Q. Did you feel that at Oakland Hills on Thursday?
PADRAIG HARRINGTON: Oakland Hills, I think Oakland Hills came around very quickly after the Open. I was in great form. I went out there playing really well the first two days. I only managed to play about nine holes -- probably nine holes each day before I fell apart, or certainly was struggling to get to the clubhouse on Thursday and Friday.
But in fairness, going out on Saturday and Sunday, as it turned out mostly Sunday, it was totally different then. I was chasing. It's easy when you're chasing or behind. As I said, if I didn't shoot two good scores on Saturday and Sunday or on the weekend, nobody would have noticed. Nobody would have batted an eyelid. It's a lot easier. Whereas at the Open I was going into the final round and the attention I felt was on me. As we all know, if a player in contention goes out in the final round and shoots that 75, you can be held accountable for that for quite a while. So there is an element of pressure in that.
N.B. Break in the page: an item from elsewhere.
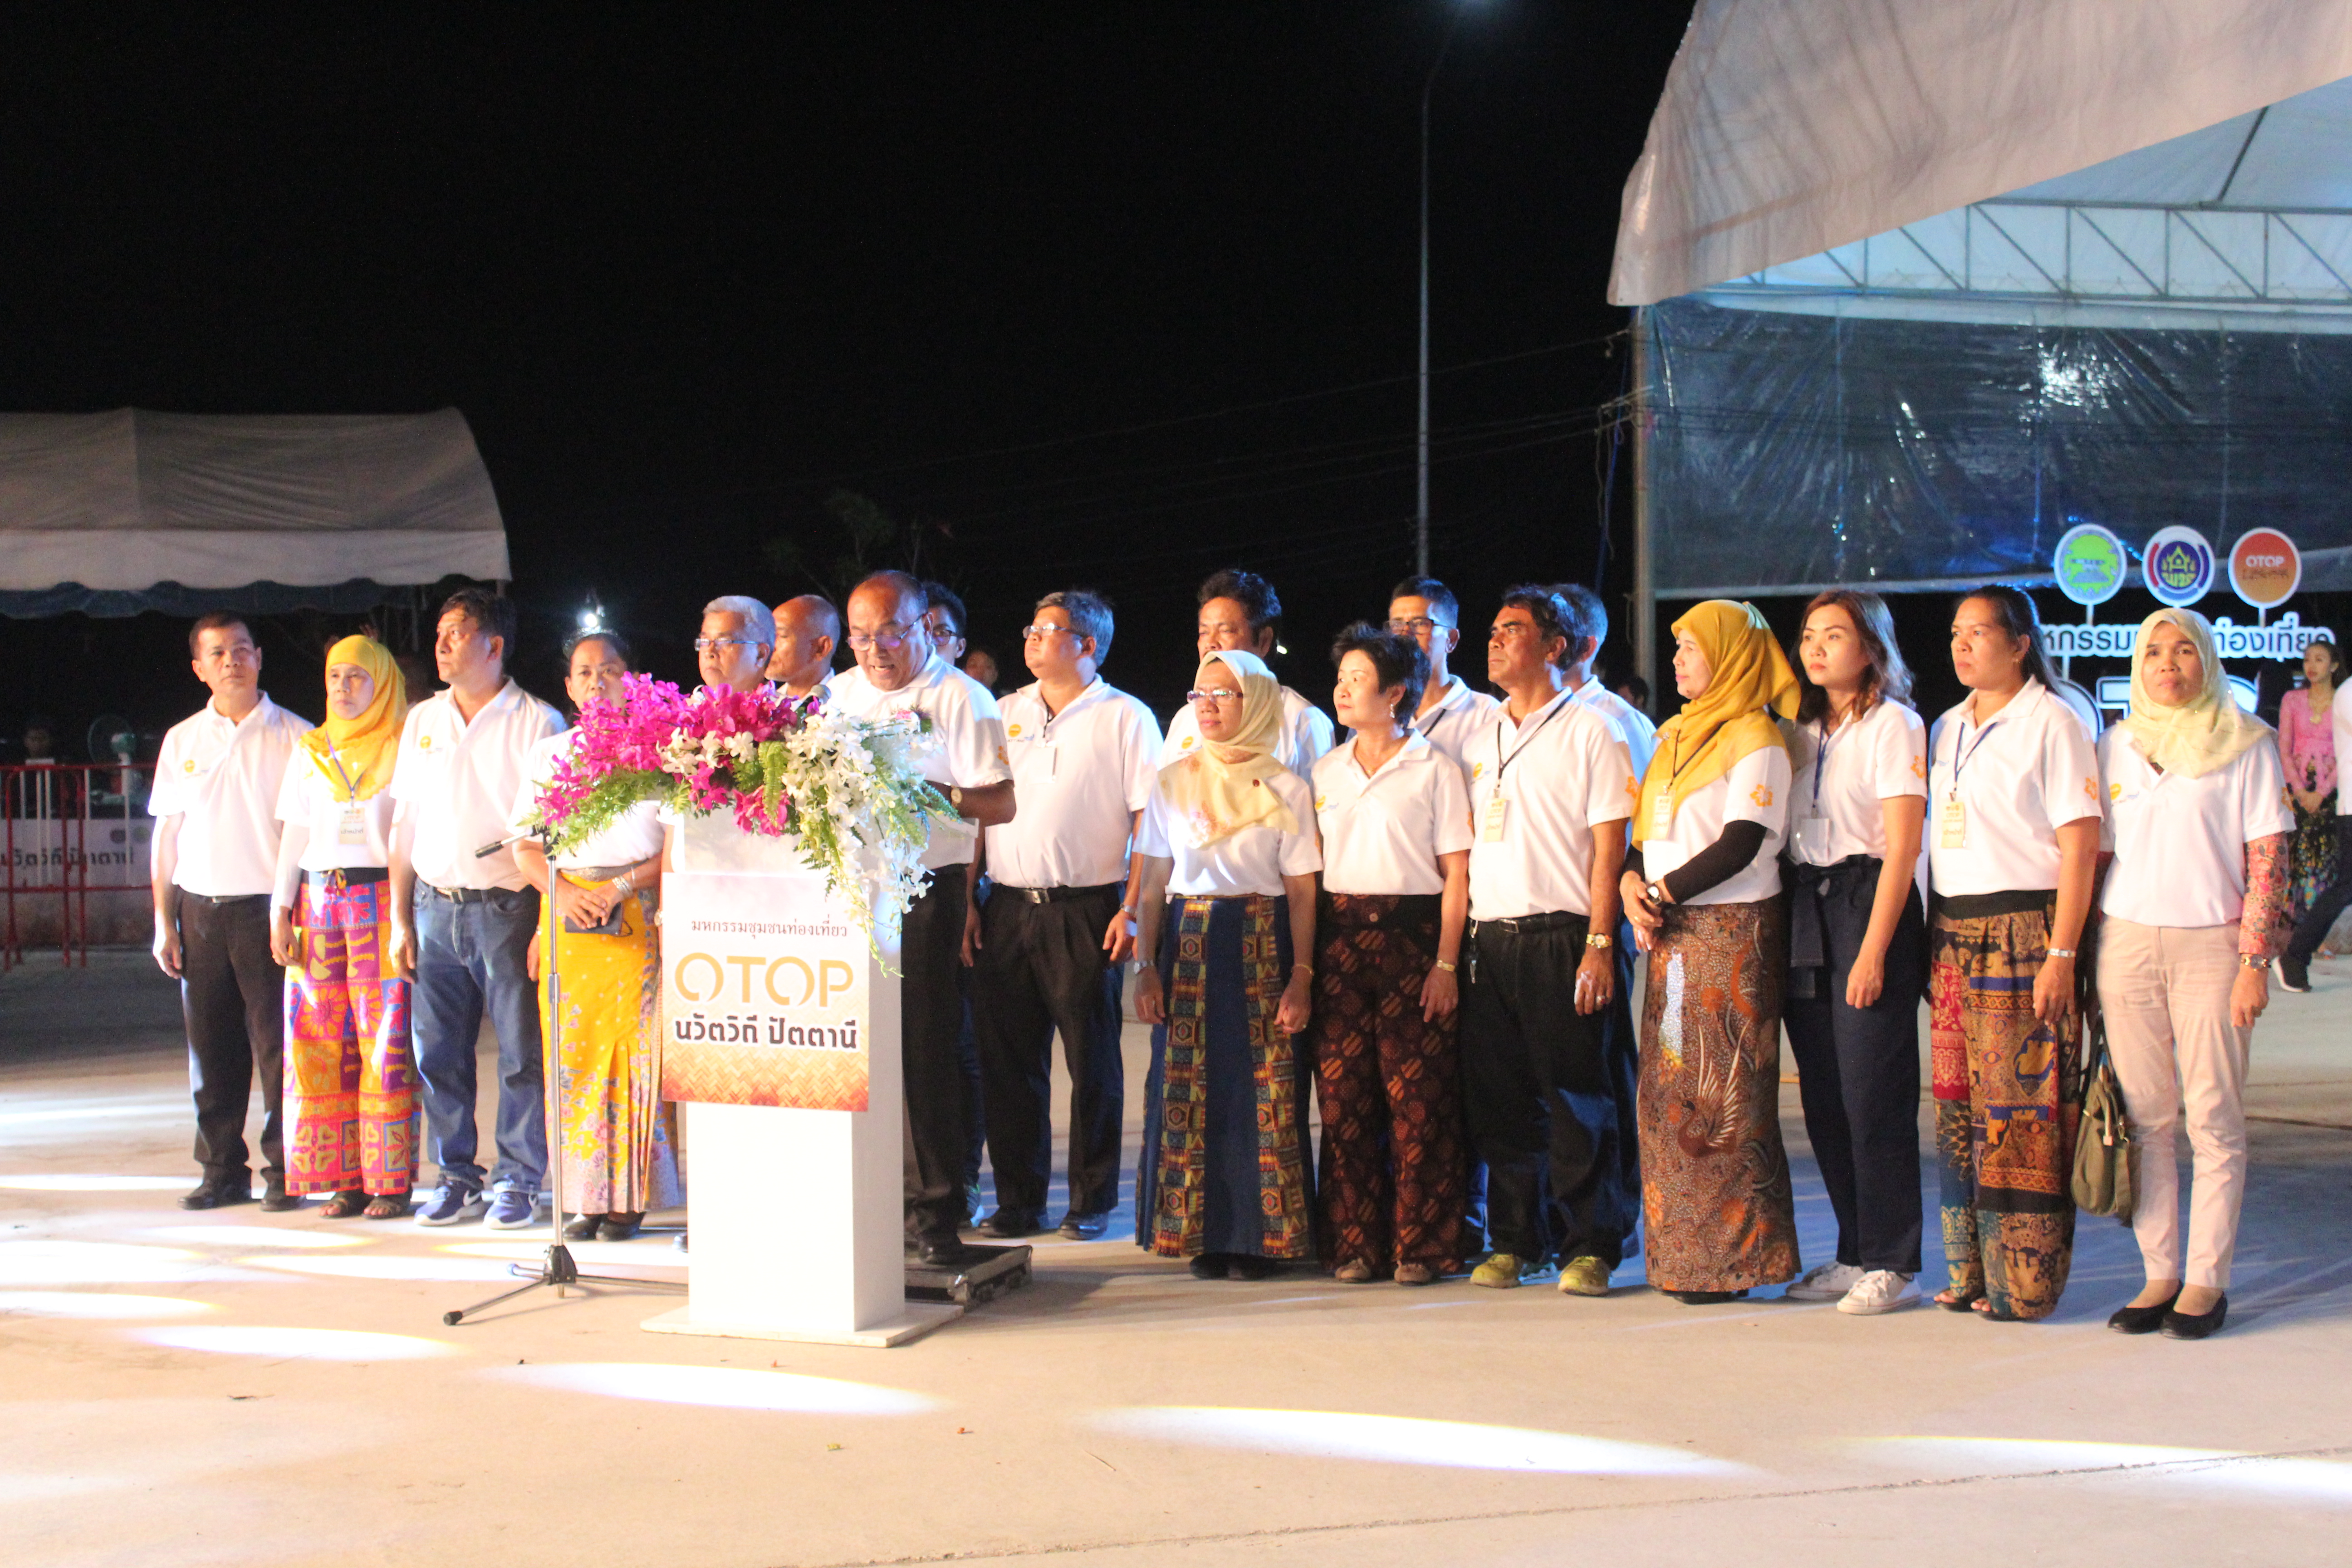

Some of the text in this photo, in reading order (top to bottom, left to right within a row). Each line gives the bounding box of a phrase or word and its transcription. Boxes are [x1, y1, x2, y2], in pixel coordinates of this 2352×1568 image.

[2245, 554, 2285, 568] OTOP
[691, 914, 848, 940] มหกรรมชุมชนท่องเที่ยว
[675, 952, 853, 1007] OTOP
[675, 1013, 857, 1049] นวัตวิถี ปัตตานี
But the PGA, no. The PGA was like, this is a great chance to win. It was like a freebie.

Q. Are you like many golf fans, wondering about Tiger's return and how he will do when he comes back?
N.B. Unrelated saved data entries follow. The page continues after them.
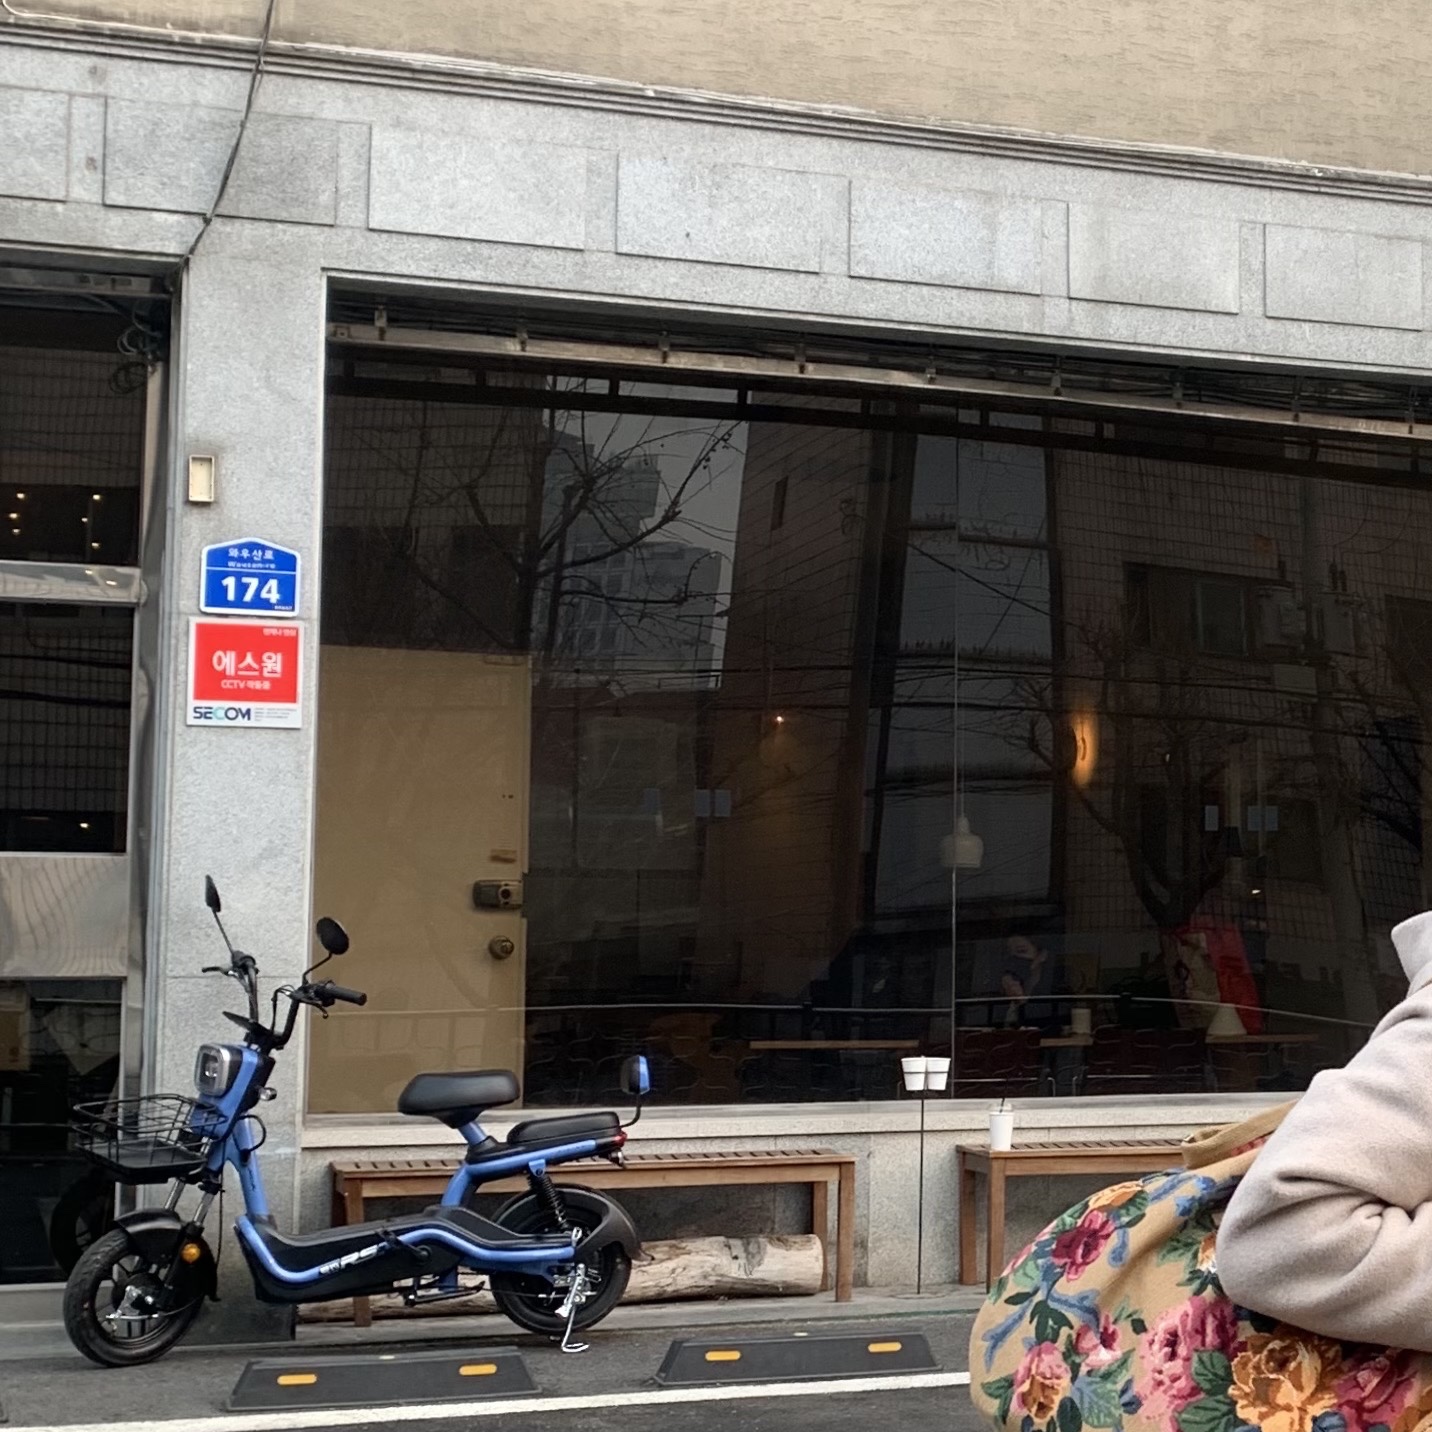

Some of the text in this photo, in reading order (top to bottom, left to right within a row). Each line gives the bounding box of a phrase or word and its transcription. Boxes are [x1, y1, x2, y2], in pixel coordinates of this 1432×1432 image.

[228, 548, 274, 561] 와우산로
[221, 576, 280, 604] 174
[212, 650, 282, 678] 에스원
[221, 679, 245, 689] CCTV
[193, 706, 251, 721] SECOM
PADRAIG HARRINGTON: I'm not wondering about it, as in I know as little as anybody else and don't really need to think too much about it. He'll let us know. And I'm sure when he does know, he'll tell us something different anyway. I know that's what I would do.
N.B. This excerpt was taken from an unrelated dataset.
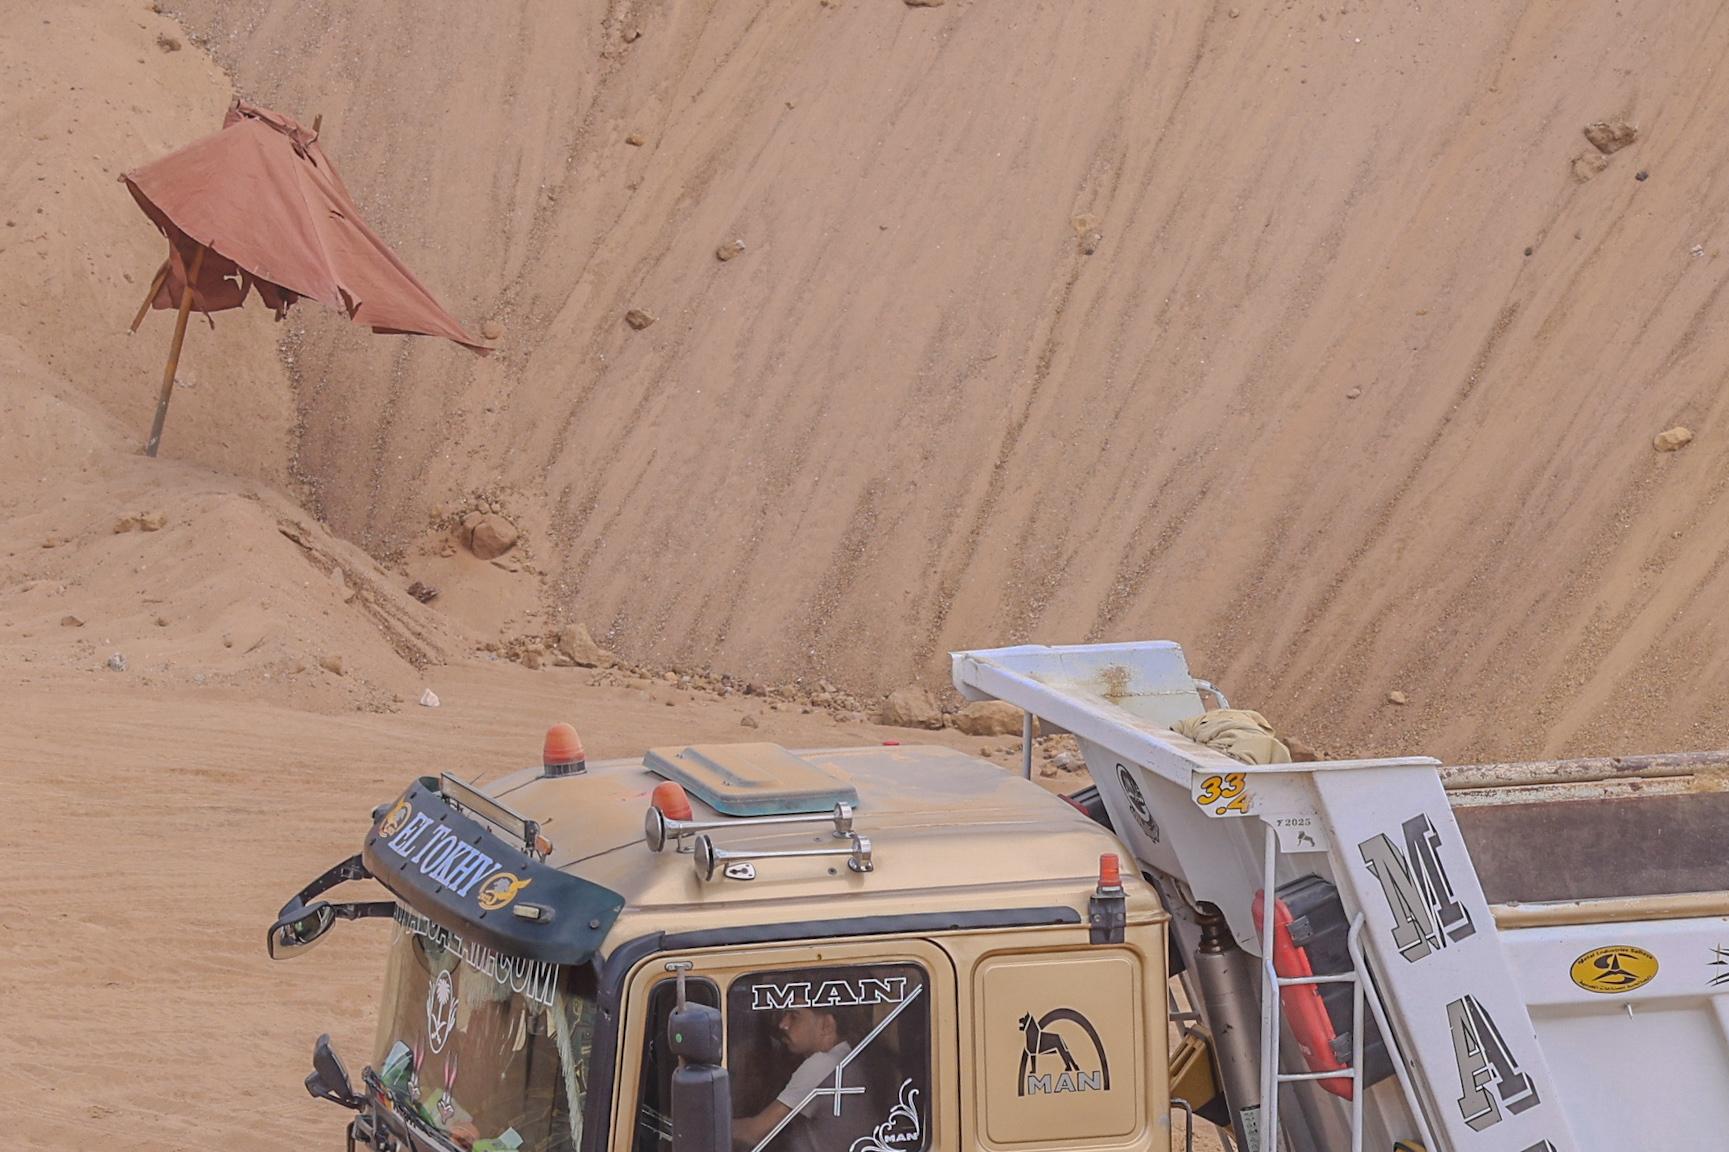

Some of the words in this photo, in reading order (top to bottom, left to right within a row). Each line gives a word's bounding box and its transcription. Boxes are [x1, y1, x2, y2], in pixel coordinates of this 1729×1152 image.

I actually think he'll come back better. I don't think -- for him he's proved over the years he's a guy that plays much better with rest, and he's very good at coming into tournaments without the competition. No, I'm sure he'll play once before the Masters or whatever. He's very good at playing cold. That wouldn't be a good trait for me. I do believe he'll come back better over time.
I kind of also believe that, like any player who isn't forced to take a break from the game, they come back from that enthusiasm and love for the game because they've missed it. When something is taken away from you, you want it even more. It's hard to believe that I'm saying he might even want to win a tournament more than he did before.
Look at somebody like Olazábal when he was out with his back. When he came back he was just so good for that period of time initially because when something is taken away from you, you do want it all the more.

Q. How big did the Player of the Year Award play in Ireland, and after what you just said about Tiger, is doing that again conceivable, a goal, either-or?
PADRAIG HARRINGTON: It was a very big deal. It was a very big deal to me. There's nothing better than getting the vote of approval from your peers. You know, I won two majors during the year, and I would easily put that on the same level as winning a major tournament. I didn't think anything could compare with a major, but being voted by your fellow players is very special.
Do I think it's conceivable to win it again? You know, as I said at the start, yeah, I had a great year last year. Do I think I can surpass it and do it again? The problem is just like Tiger in the voting for last year, the better you do, in order to win it again, you actually need to do better again, a little better. You've got to keep raising the bar.
It's possible, yeah. It's possible, but I believe that I can play very well this year and not win that. I know that over time these things even out a little bit. So if I don't win Player of the Year this year, I won't be writing this year off as a bad year. I can still have a good year this year and not win it.
MARK WILLIAMS: Padraig, thanks for coming in, and best of luck at the Buick Invitational.